WHAT TO DO:
Output each record exactly as given. Leave out every picture.

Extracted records
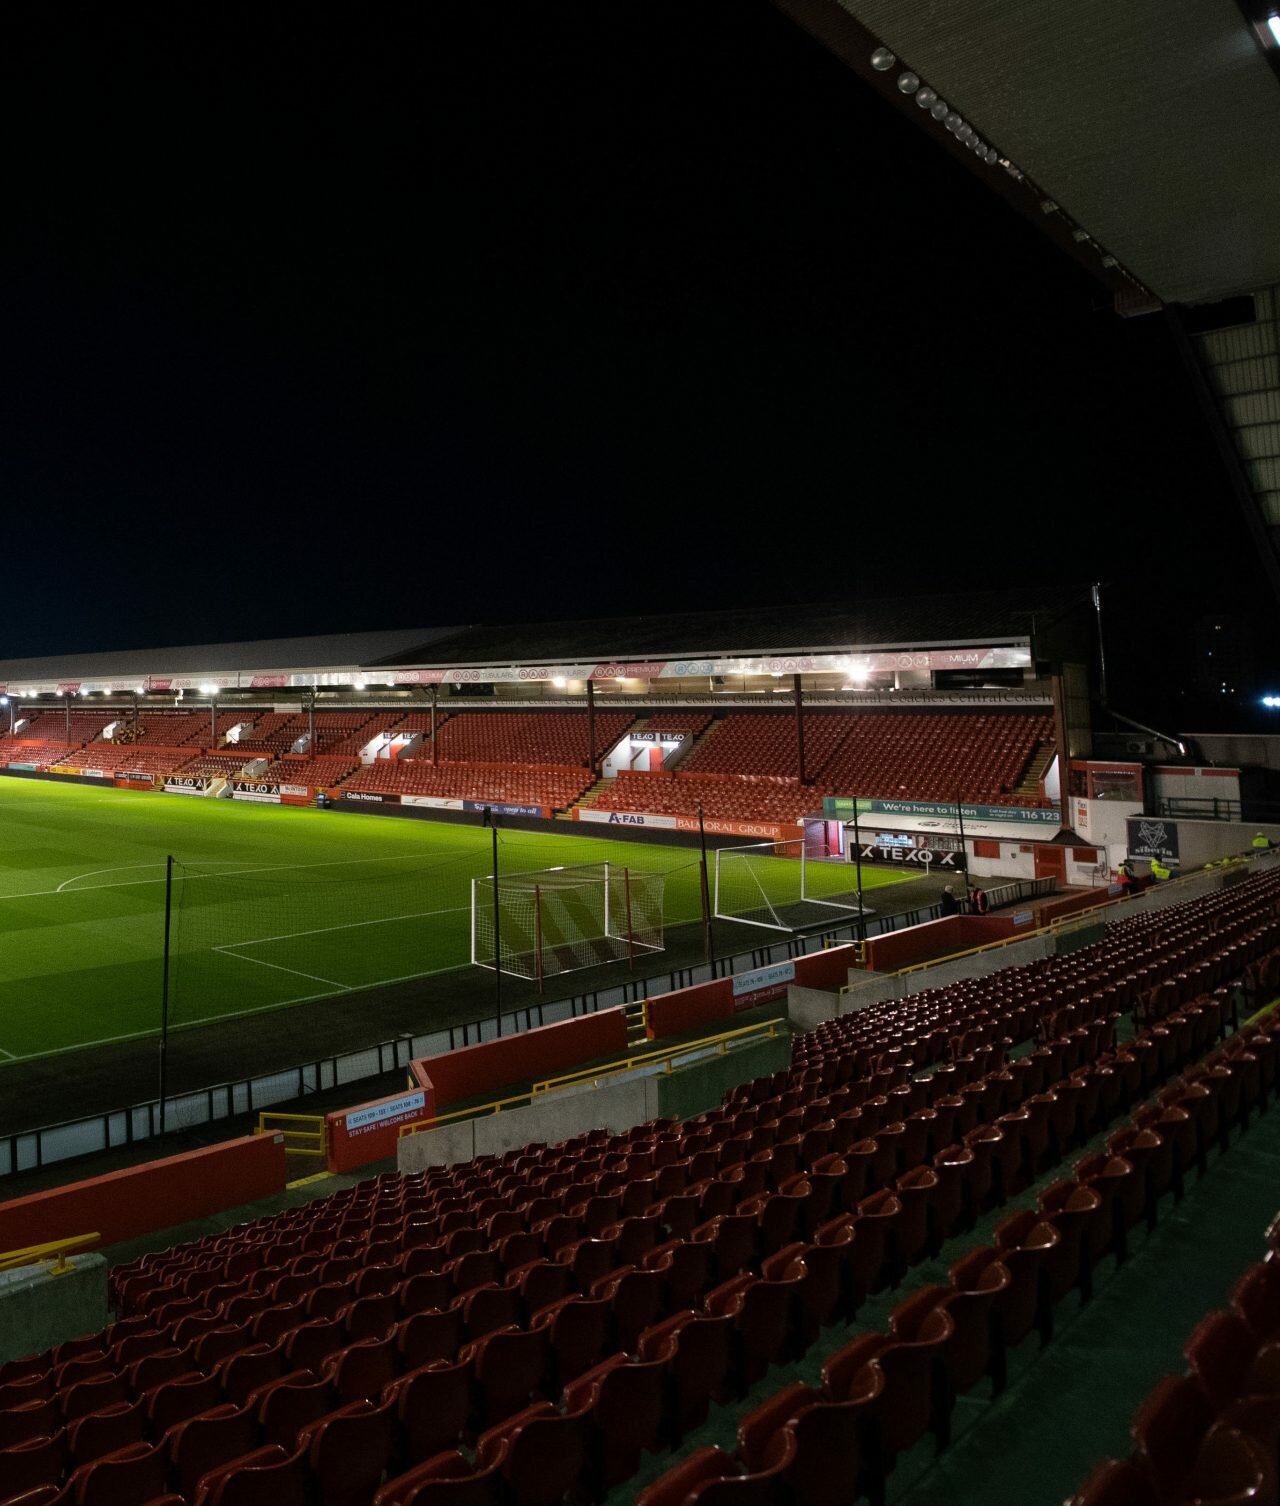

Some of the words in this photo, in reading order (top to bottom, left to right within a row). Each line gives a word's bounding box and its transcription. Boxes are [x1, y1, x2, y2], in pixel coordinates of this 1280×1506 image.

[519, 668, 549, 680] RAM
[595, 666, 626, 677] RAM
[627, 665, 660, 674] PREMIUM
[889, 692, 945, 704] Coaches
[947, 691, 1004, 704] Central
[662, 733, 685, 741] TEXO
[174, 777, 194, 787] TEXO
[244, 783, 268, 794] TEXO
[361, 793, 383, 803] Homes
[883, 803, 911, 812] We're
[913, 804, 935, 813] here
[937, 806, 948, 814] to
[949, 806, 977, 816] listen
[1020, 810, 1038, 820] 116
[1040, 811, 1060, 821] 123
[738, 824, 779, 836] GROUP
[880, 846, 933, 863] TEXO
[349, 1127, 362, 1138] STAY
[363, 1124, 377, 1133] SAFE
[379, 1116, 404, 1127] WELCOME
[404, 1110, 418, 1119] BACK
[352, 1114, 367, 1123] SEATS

EXERCISE OUTPUT:
Some of the words in this photo, in reading order (top to bottom, left to right within a row). Each line gives a word's bounding box and its transcription. Boxes are [x1, y1, x2, y2], in pixel coordinates of this 1280×1506 image.

[519, 668, 549, 680] RAM
[595, 666, 626, 677] RAM
[627, 665, 660, 674] PREMIUM
[889, 692, 945, 704] Coaches
[947, 691, 1004, 704] Central
[662, 733, 685, 741] TEXO
[174, 777, 194, 787] TEXO
[244, 783, 268, 794] TEXO
[361, 793, 383, 803] Homes
[883, 803, 911, 812] We're
[913, 804, 935, 813] here
[937, 806, 948, 814] to
[949, 806, 977, 816] listen
[1020, 810, 1038, 820] 116
[1040, 811, 1060, 821] 123
[738, 824, 779, 836] GROUP
[880, 846, 933, 863] TEXO
[349, 1127, 362, 1138] STAY
[363, 1124, 377, 1133] SAFE
[379, 1116, 404, 1127] WELCOME
[404, 1110, 418, 1119] BACK
[352, 1114, 367, 1123] SEATS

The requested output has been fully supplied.